Savaş, “Devletlerarasındaki ve belirli bir yoğunluktaki silahlı çatışmalar veya silahlı güç kullanılması vasıtasıyla diğerlerine karşı üstünlük sağlanması” olarak tanımlanabilir.
Savaşın hukuku olur mu?
Bazen tek bir emirle, bir tek bombayla milyonlarca insanın öldürülmesi, ölümü ve kitlesel imhası üzerine kurulu kapitalist sistemin hukukuna göre yanıtlarsanız, savaş hukuku; savaşan devletlerin kendi aralarındaki ve diğer devletlerle aralarındaki hukuksal etkilerini ele alan silahlı çatışma kurallarının bütünüdür.

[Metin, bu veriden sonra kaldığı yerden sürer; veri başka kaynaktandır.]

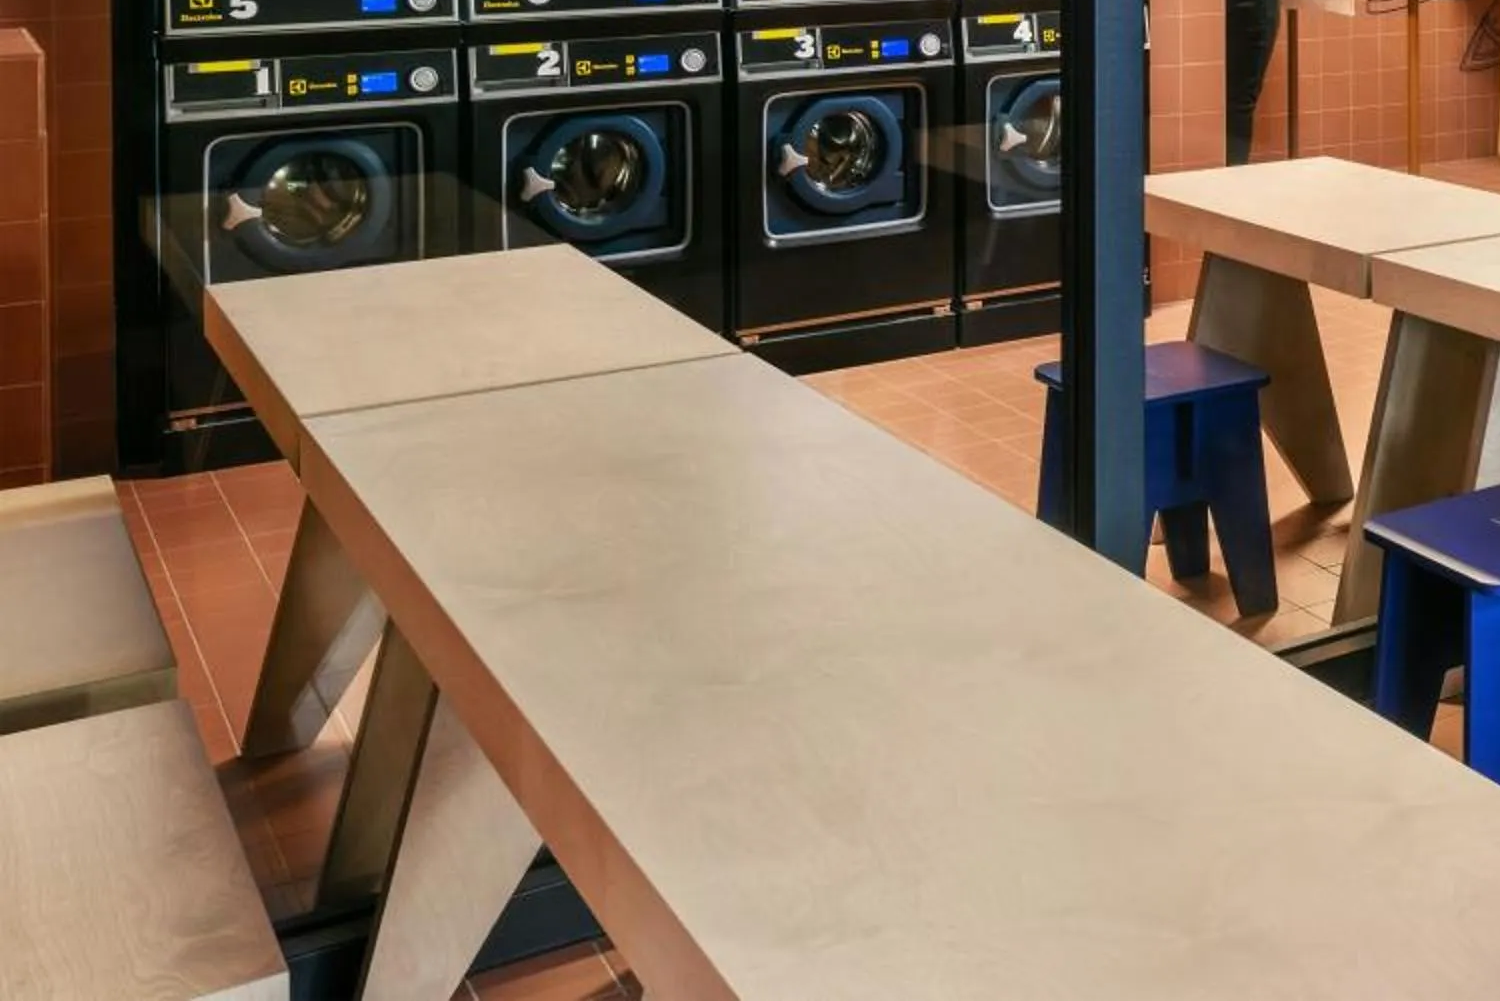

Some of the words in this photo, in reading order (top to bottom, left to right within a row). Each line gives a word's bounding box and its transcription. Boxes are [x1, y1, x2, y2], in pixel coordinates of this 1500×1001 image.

[1012, 19, 1033, 44] 4
[793, 33, 815, 60] 3
[536, 49, 562, 77] 2
[255, 66, 272, 96] 1

Artık savaş yerine “silahlı çatışma” terimi kullanılıyor. Uluslararası Kızıl Haç Örgütüne göre silahlı çatışma; iki devlet arasında gerçekleşip, silahlı kuvvetler mensuplarının müdahalesine yol açan görüş ayrılığıdır.
Savaş hukuku insanı korur mu? Askerler savaşırken, sivilleri koruyan bir hukuk var mıdır?
Vardır ve insancıl hukuk olarak anılmaktadır. 1949 Cenevre Sözleşmelerinin kabulünden sonra bireylerin korunması amacıyla insancıl hukuk fikri ortaya çıkmıştır. Savaş hukuku ile ortaya çıkan “insancıl hukuk” savaşa karışmayan ya da savaşı bırakan insanları korumaya dönük kuralların hukukudur. İnsancıl hukukun uygulanabilmesi silahlı çatışmanın/savaşın varlığına bağlıdır.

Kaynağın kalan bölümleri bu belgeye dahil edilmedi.